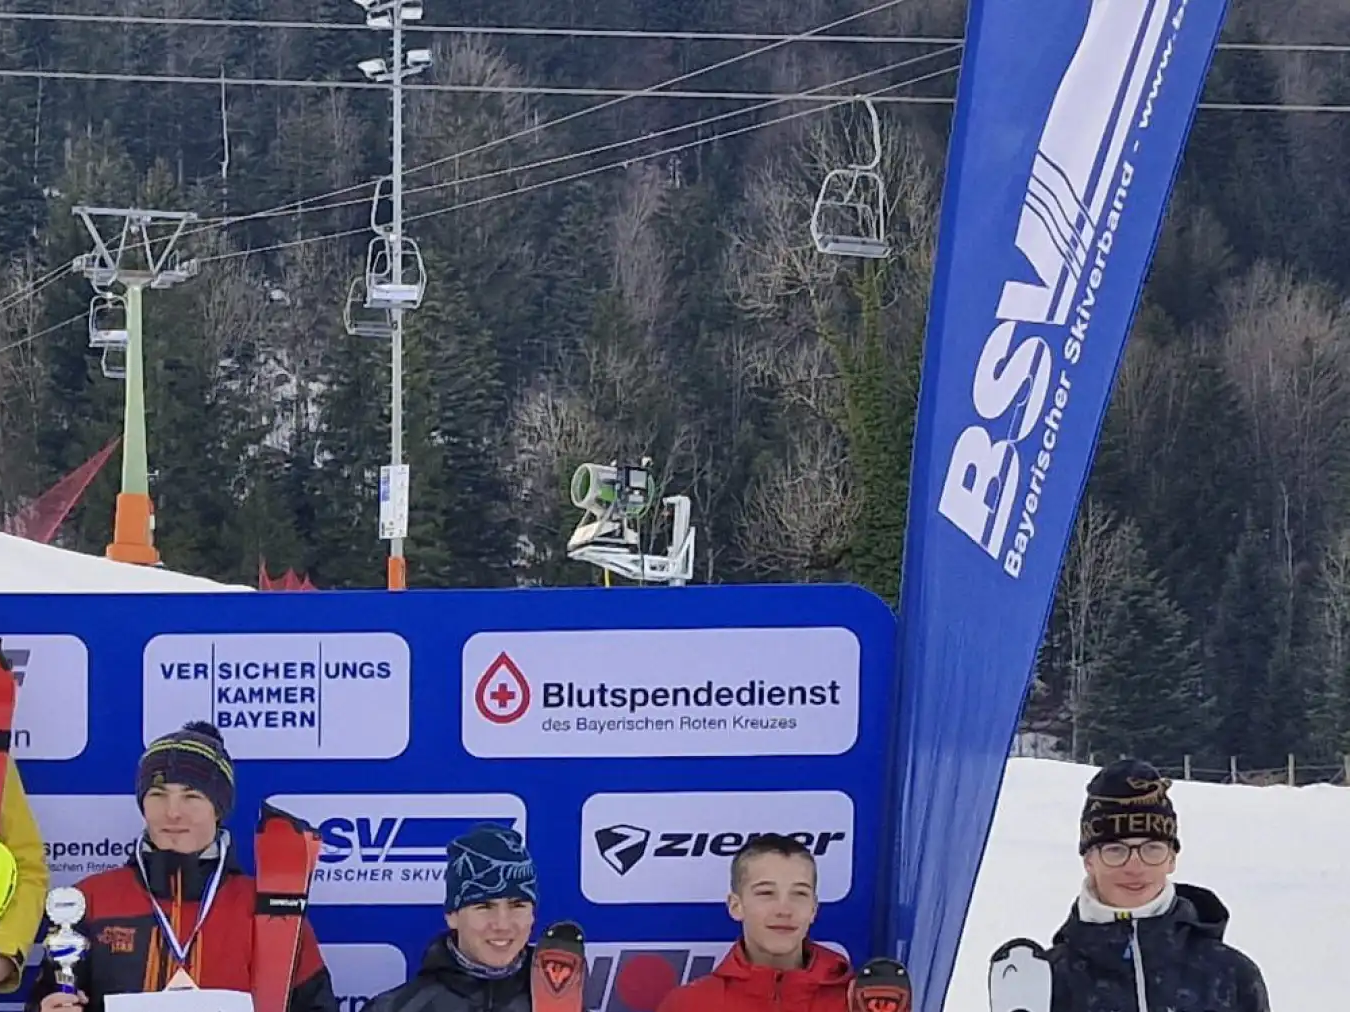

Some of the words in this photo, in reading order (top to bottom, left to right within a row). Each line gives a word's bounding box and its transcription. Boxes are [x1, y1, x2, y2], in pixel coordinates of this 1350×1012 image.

[1003, 369, 1073, 580] Bayerischer
[1063, 160, 1135, 365] Skiverband
[160, 662, 209, 680] VER
[218, 662, 316, 680] SICHER
[324, 662, 391, 680] UNGS
[217, 686, 316, 704] KAMMER
[543, 680, 841, 712] Blutspendedienst
[217, 710, 316, 729] BAYERN
[541, 717, 572, 732] des
[576, 716, 675, 734] Bayerischen
[679, 715, 727, 730] Roten
[732, 715, 798, 730] Kreuzes
[319, 817, 399, 864] SV
==============================
Reprint the whole listing above exactly, taking out the pictures.

• **Exercise answer**
Some of the words in this photo, in reading order (top to bottom, left to right within a row). Each line gives a word's bounding box and its transcription. Boxes are [x1, y1, x2, y2], in pixel coordinates of this 1350×1012 image.

[1003, 369, 1073, 580] Bayerischer
[1063, 160, 1135, 365] Skiverband
[160, 662, 209, 680] VER
[218, 662, 316, 680] SICHER
[324, 662, 391, 680] UNGS
[217, 686, 316, 704] KAMMER
[543, 680, 841, 712] Blutspendedienst
[217, 710, 316, 729] BAYERN
[541, 717, 572, 732] des
[576, 716, 675, 734] Bayerischen
[679, 715, 727, 730] Roten
[732, 715, 798, 730] Kreuzes
[319, 817, 399, 864] SV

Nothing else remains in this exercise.